Relationship: Moving together is bonding together, or in other words, is establishing positive relationships with each other. A plethora of studies show that engaging in joint music making, and, in particular, due to the synchronized nature of it, promotes social skills and interpersonal bonds (see, e.g., Mogan et al., 2017 for an overview). Some would call synchrony even a form of social glue (Fujiwara et al., 2020). Some aspects of interpersonal synchrony are worth mentioning in the context of the presented kinemusical activity. For example, children synchronize better when instructed to do so (Howard et al., 2021). In the Step ‘n Play, children are asked to synchronize (task constraint). Moreover, research has shown that synchronizing with others improves when an external rhythm, such as the musical patterns that are played in this activity (Gipson et al., 2016), is available through multiple modalities. In this activity, the external rhythm is available in the movement (doing it yourself) and thus in the visual (seeing the others), and in the auditory modality (hearing oneself and the others). As such, it can be argued that the Step ‘n Play activity promotes synchronization and, as such, supports the development of positive relationships within the group. The task constraints can be modulated through different stepping patterns (e.g., sideward vs. for/backward sidestep) or by inserting moments where everybody plays the same musical pattern before switching patterns. The environmental constraints can be manipulated through the spatial and social choreographies. For example, the visual modality can be intensified by working in dyads or by positioning according to musical pattern (see Figure 11).

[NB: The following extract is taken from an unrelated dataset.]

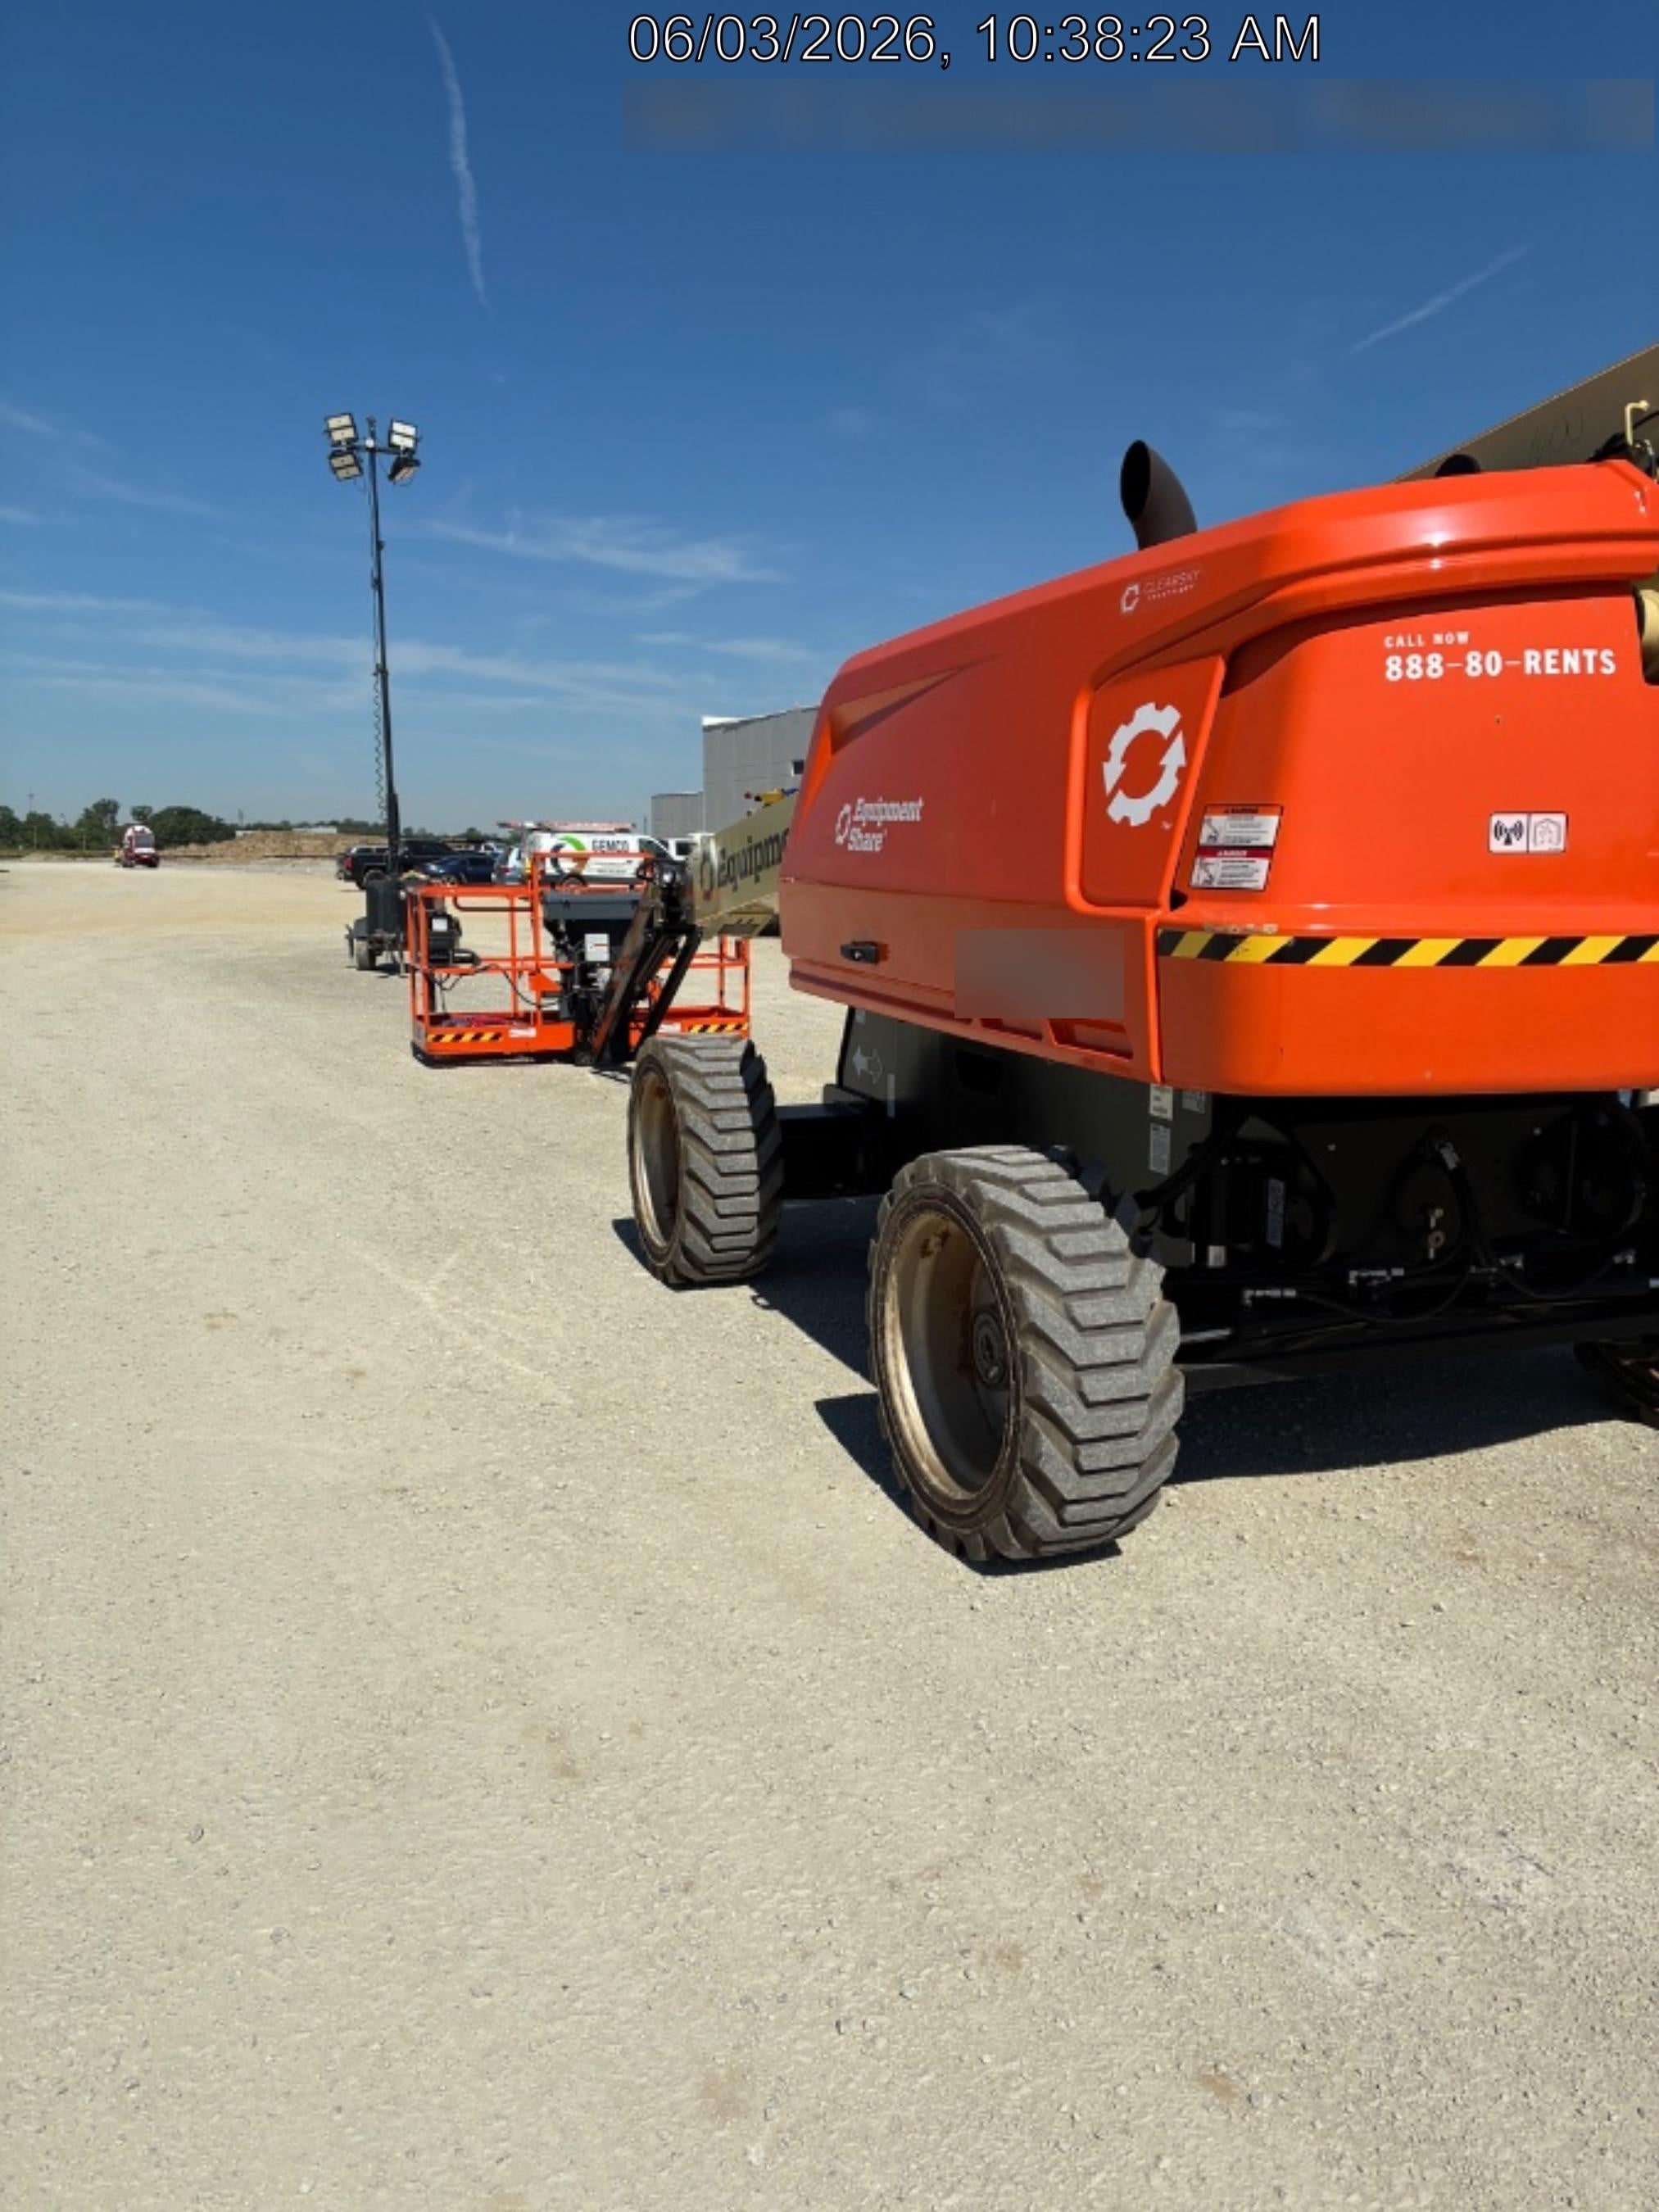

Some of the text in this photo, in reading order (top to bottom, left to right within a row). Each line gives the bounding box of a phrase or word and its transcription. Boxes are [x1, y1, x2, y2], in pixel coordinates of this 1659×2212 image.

Meaning: Given the focus on synchronization in this activity, it is of interest to elaborate on the connection between synchronization and meaning or (musical) sense-making (i.e., the creation and appreciation of meaning; De Jaegher & Di Paolo, 2007). Two types of synchronization need to be considered, both being task constraints, as learners are invited to synchronize movement and music. A first type concerns interpersonal synchronization, involving the planned interpersonal coordination of music and movement. In a sense, participating learners become coupled systems, “participating in, and thus can form and transform each other’s sense-making, enacting unique shared worlds of meaning” (Schiavio & De Jaegher, 2017). With Fuchs and De Jaegher (2009), we can say that the kinemusical activity creates a mutual coupling between learners’ lived bodies, mediated by the close step pattern and the musical patterns (w, h h, qqqq). Playing oneself, but also watching and hearing the others, may in the end turn a sense of I-agency into a sense of we-agency, through the process of mutual incorporation, i.e., when the lived bodies of individuals extend and form a common intercorporality (Fuchs & De Jaegher, 2009; see also Pacherie, 2014). Arguably, this process facilitates and supports the basic mechanism of musical sense-making as forwarded by Leman (2016). As such, it also contributes to the second type of synchronization, namely the (individual) synchronization between music and movement.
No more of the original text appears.